Verschiedene DBA, wie z. B. Art. 4 Abs. 3 DBA-Schweiz, enthalten auch ergänzende Sonderregelungen für eine Doppelansässigkeit.

In den Fällen, in denen natürliche Personen nach den in Abs. 2 genannten Kriterien als in der Schweiz ansässig gelten und in Deutschland ebenso auf Grund einer ständigen Wohnstätte oder eines gewöhnlichen Aufenthalts von mindestens 6 Monaten im Kalenderjahr die Voraussetzungen für die unbeschränkte Steuerpflicht erfüllen, wird Deutschland neben dem schweizerischen Besteuerungsrecht ein weiteres ergänzendes Besteuerungsrecht zugebilligt (sog. "konkurrierende", "überlagernde" oder "überdachende" Besteuerung).

 
Hinweis

Überlagernde Besteuerung im Doppelansässigkeitsfall

Art. 4 Abs. 3 DBA Schweiz lässt die Besteuerung in der Schweiz unberührt: Die Person ist der unbeschränkten schweizerischen Steuerpflicht unterworfen, und die unbeschränkte Steuerpflicht in Deutschland bleibt bei der schweizerischen Besteuerung unberücksichtigt. Die Beschränkungen des schweizerischen Besteuerungsrechts nach den Art. 6 – 22 werden dabei bei der schweizerischen Besteuerung berücksichtigt; zur Vermeidung der Doppelbesteuerung in der Schweiz wird Art. 24 Abs. 2 DBA Schweiz angewandt.
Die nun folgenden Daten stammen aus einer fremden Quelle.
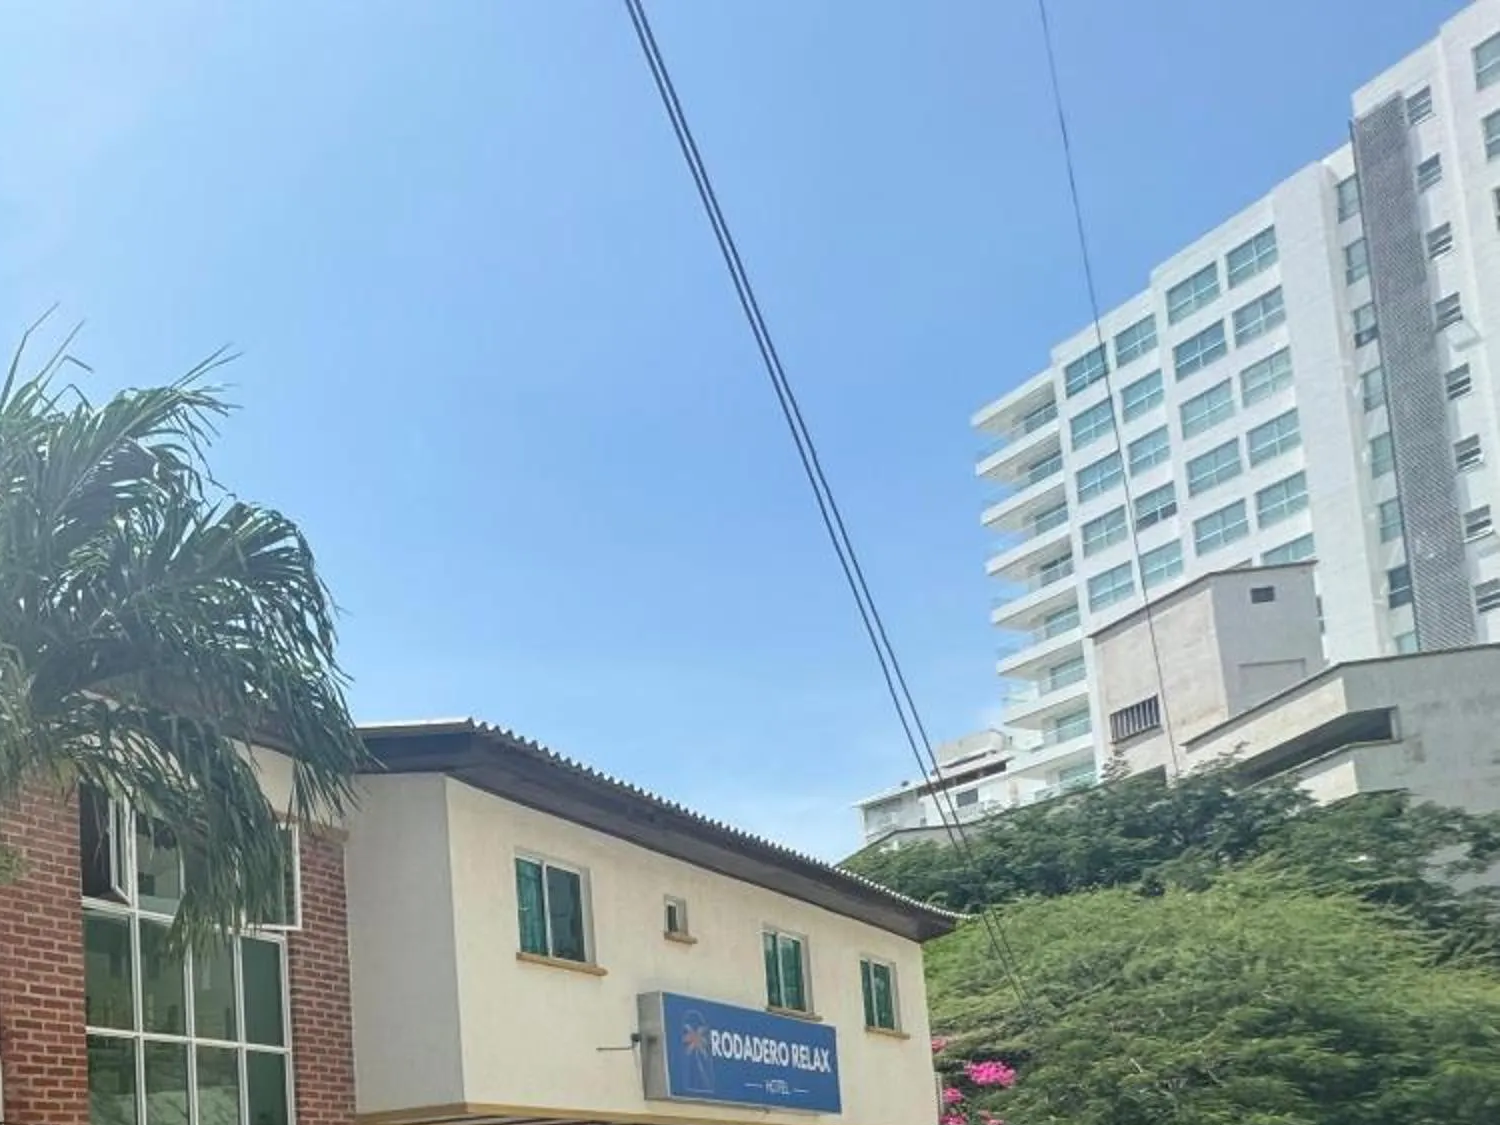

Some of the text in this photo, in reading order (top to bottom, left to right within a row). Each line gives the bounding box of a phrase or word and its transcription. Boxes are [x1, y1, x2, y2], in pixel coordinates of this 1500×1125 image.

[710, 1029, 831, 1072] RODADERO RELAX
[765, 1079, 790, 1095] HOTEL
Die Doppelbesteuerung der natürlichen Personen infolge eines Doppelwohnsitzes wird bei dieser überdachenden Besteuerung in Deutschland zwar durch Freistellung bestimmter Einkünfte oder auch durch Anrechnung der schweizerischen Steuer in Deutschland vermieden. Soweit die Anrechnung angewendet wird, findet im wirtschaftlichen Ergebnis jedoch eine Hochschleusung auf die höhere deutsche Steuerbelastung statt.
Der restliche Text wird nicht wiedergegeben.